***** RECORDS

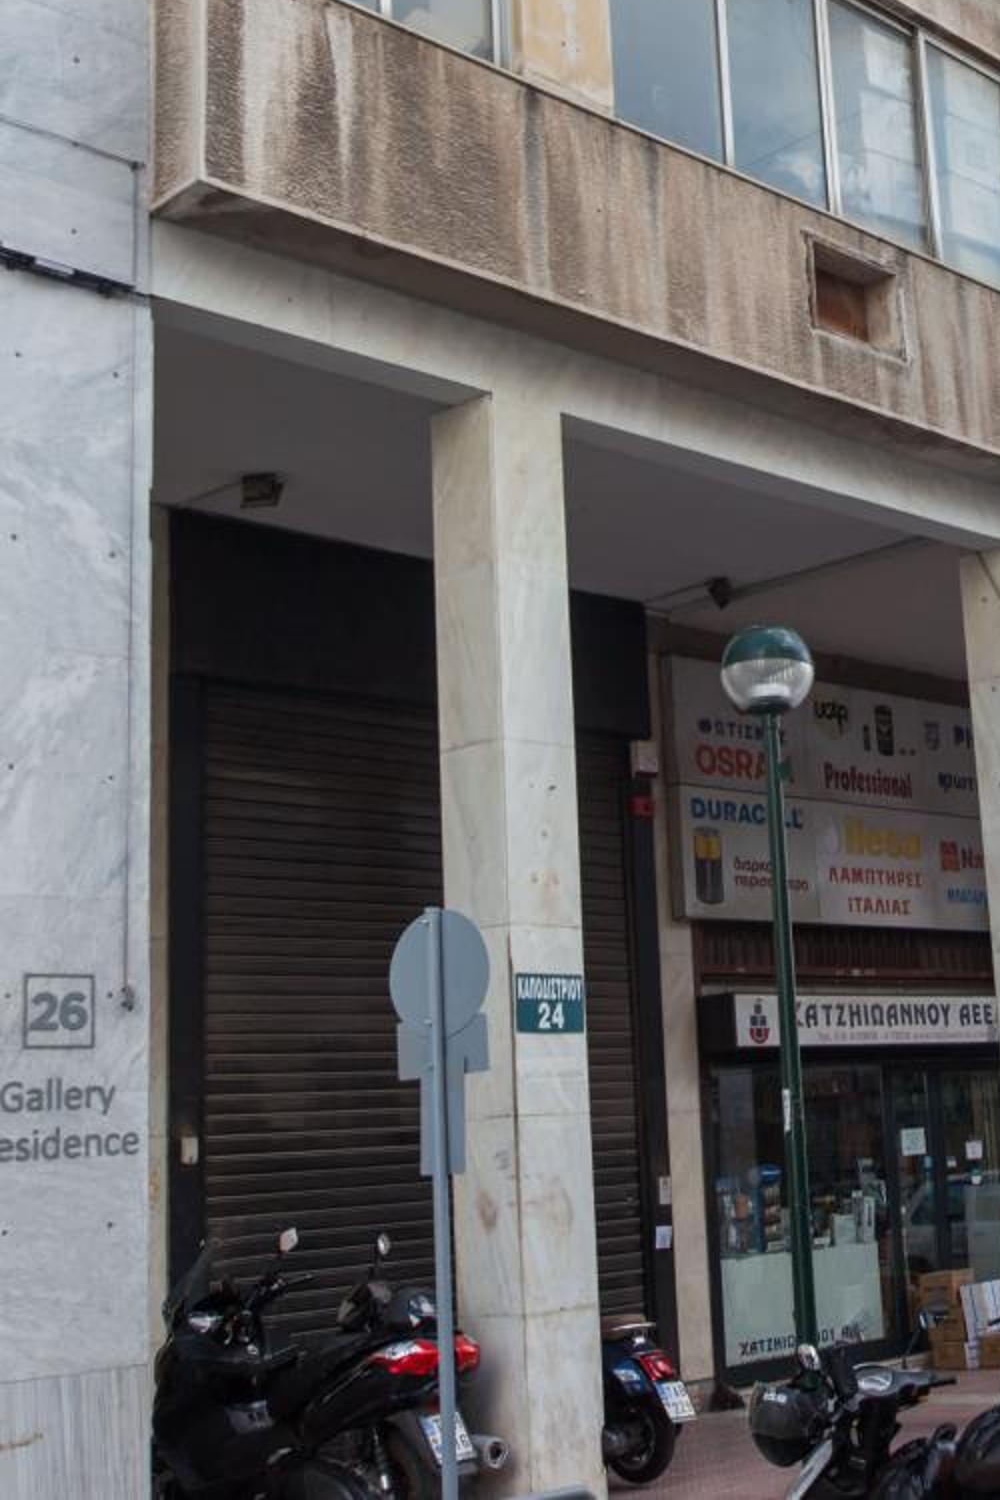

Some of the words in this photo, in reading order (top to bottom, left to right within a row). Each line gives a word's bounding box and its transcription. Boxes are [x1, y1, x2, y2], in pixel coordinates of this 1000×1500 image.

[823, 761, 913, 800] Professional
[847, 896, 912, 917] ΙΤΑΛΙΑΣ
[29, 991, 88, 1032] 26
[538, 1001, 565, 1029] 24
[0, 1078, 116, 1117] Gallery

**********

Write out the material above exactly, and omit the pictures it holds.

Some of the words in this photo, in reading order (top to bottom, left to right within a row). Each line gives a word's bounding box and its transcription. Boxes are [x1, y1, x2, y2], in pixel coordinates of this 1000×1500 image.

[823, 761, 913, 800] Professional
[847, 896, 912, 917] ΙΤΑΛΙΑΣ
[29, 991, 88, 1032] 26
[538, 1001, 565, 1029] 24
[0, 1078, 116, 1117] Gallery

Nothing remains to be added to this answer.